Opportunities for mobile carriers are real when it comes to the Internet of Things, but action is needed, Huawei’s chief executive told a company conference on Wednesday.
“We have to have a fresh mindset, smarter networks, and a stronger ecosystem,” Deputy Chairman and Rotating CEO Ken Hu said in his keynote speech at Huawei’s Global Mobile Broadband Forum in London.
One example, Hu noted, is an untapped subscriber base totaling about 1 billion: the dairy cow.
A special collar placed on a cow’s neck can provide valuable information to farmers about grazing patterns, moving habits, and milk production. NB-IoT technology, meanwhile, provides greatly improved battery life, cost, and coverage that enables cows to move farther and graze longer.
The system allows farmers to generate an additional $420 per cow each year — a 50 percent increase in profits.

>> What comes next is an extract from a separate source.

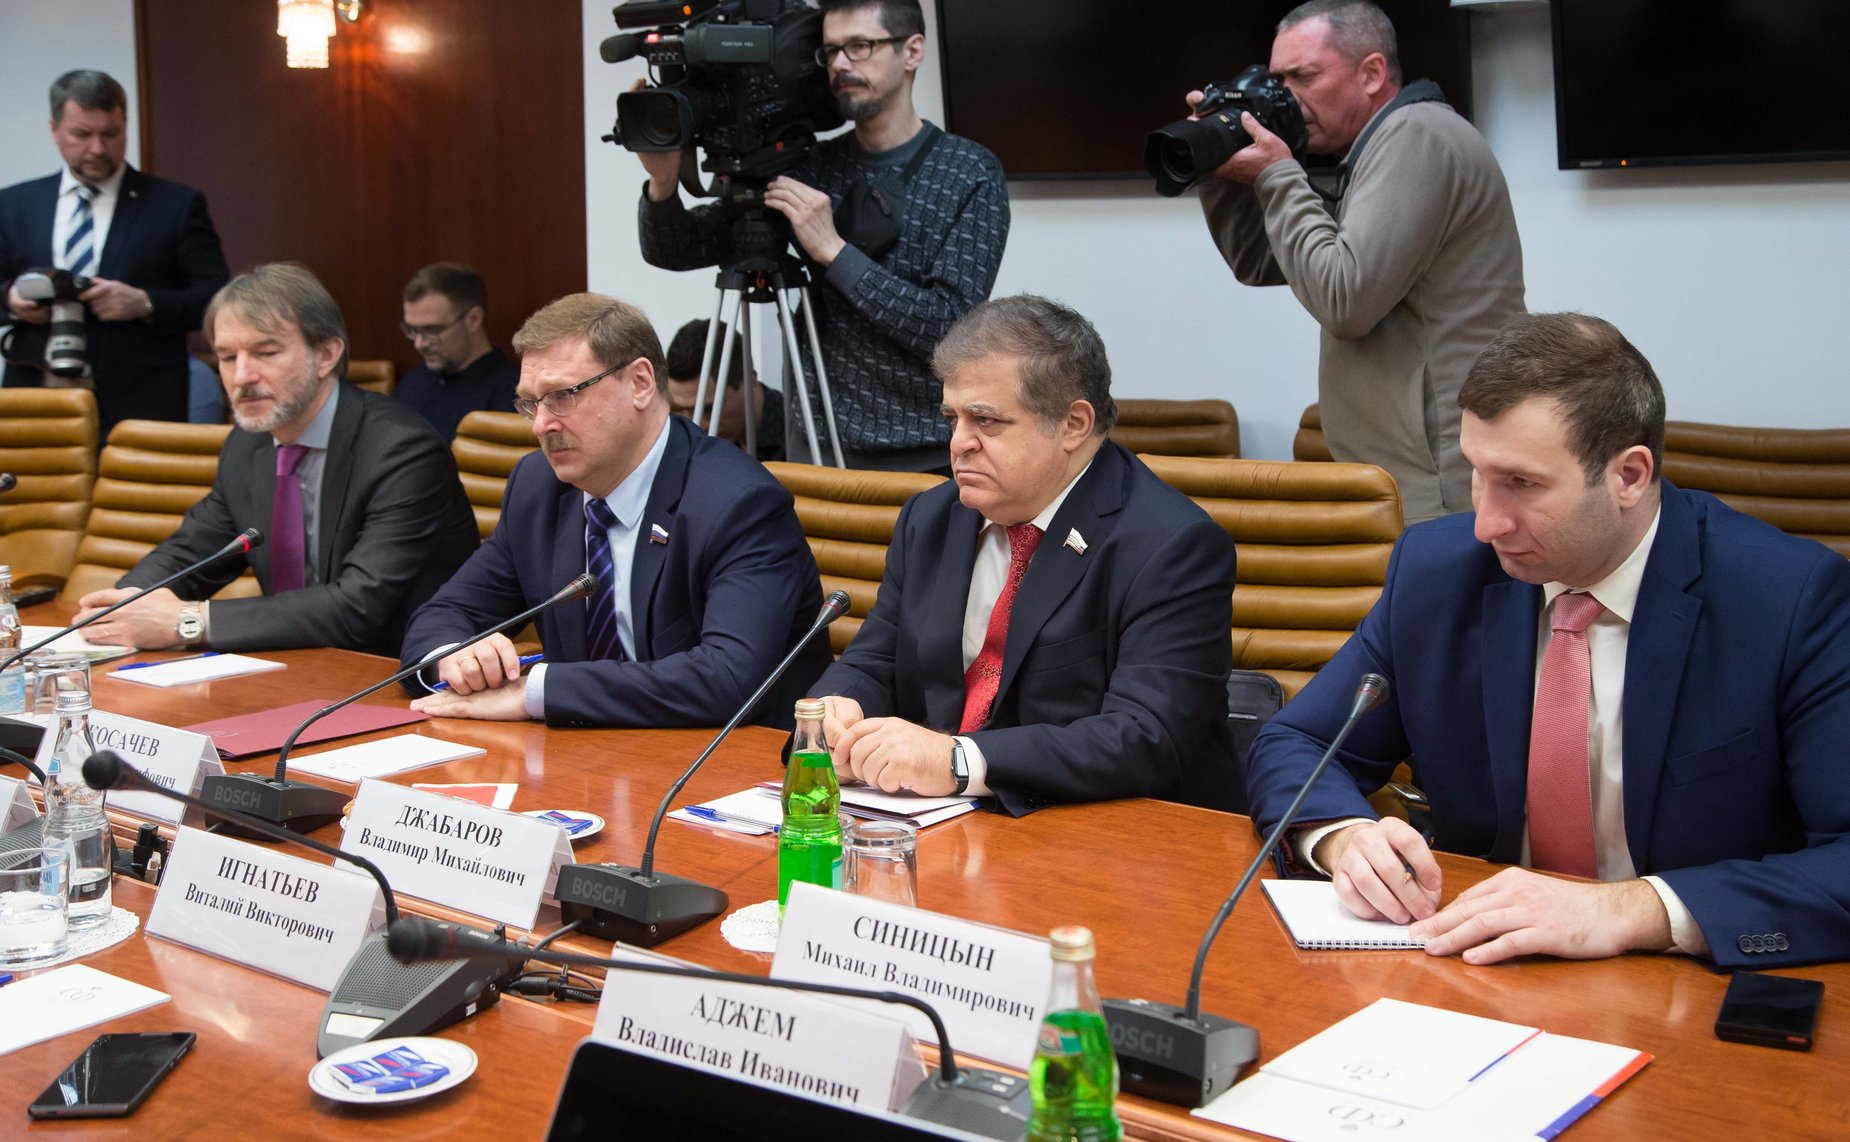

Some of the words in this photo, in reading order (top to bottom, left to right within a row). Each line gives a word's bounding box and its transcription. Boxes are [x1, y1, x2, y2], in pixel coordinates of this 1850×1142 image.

Telecom companies have thus far helped dairy farmers connect more than 1 million cows, which Hu said benefits both industries. The collar and data service also brings in $10 per cow for carriers each year.
China and the U.S. each have more than 100 million cows, and globally, Hu said the service could reach 1 billion new “subscribers.”
“A connected cow is a cash cow,” Hu said.
Other options for new connections include the 20 million shipping containers, 100 million new bicycles, 300 million LED streetlamps, and 1.8 billion water meters operating around the world, but Hu cautioned that companies need to develop new models to capitalize on IoT technology.
“With people, service connection is quite similar, but for IoT the scenarios of the connections are extremely diverse and need specialized solutions,” Hu said.
He said telecoms need a better understanding of the vertical side and to become more familiar with IoT scenarios — including establishing strong partnerships with app developers. The Chinese telecom giant envisions app-centric, data-driven networks that will eventually be self-healing, intelligent, and fully autonomous.
Although the forum’s theme for 2017 is “Mobile Reshapes the World,” Hu suggested that it should instead read, “reshape the world with mobile.”
“Mobile technology won’t change the world by itself,” Hu said. “The responsibilities are on us.”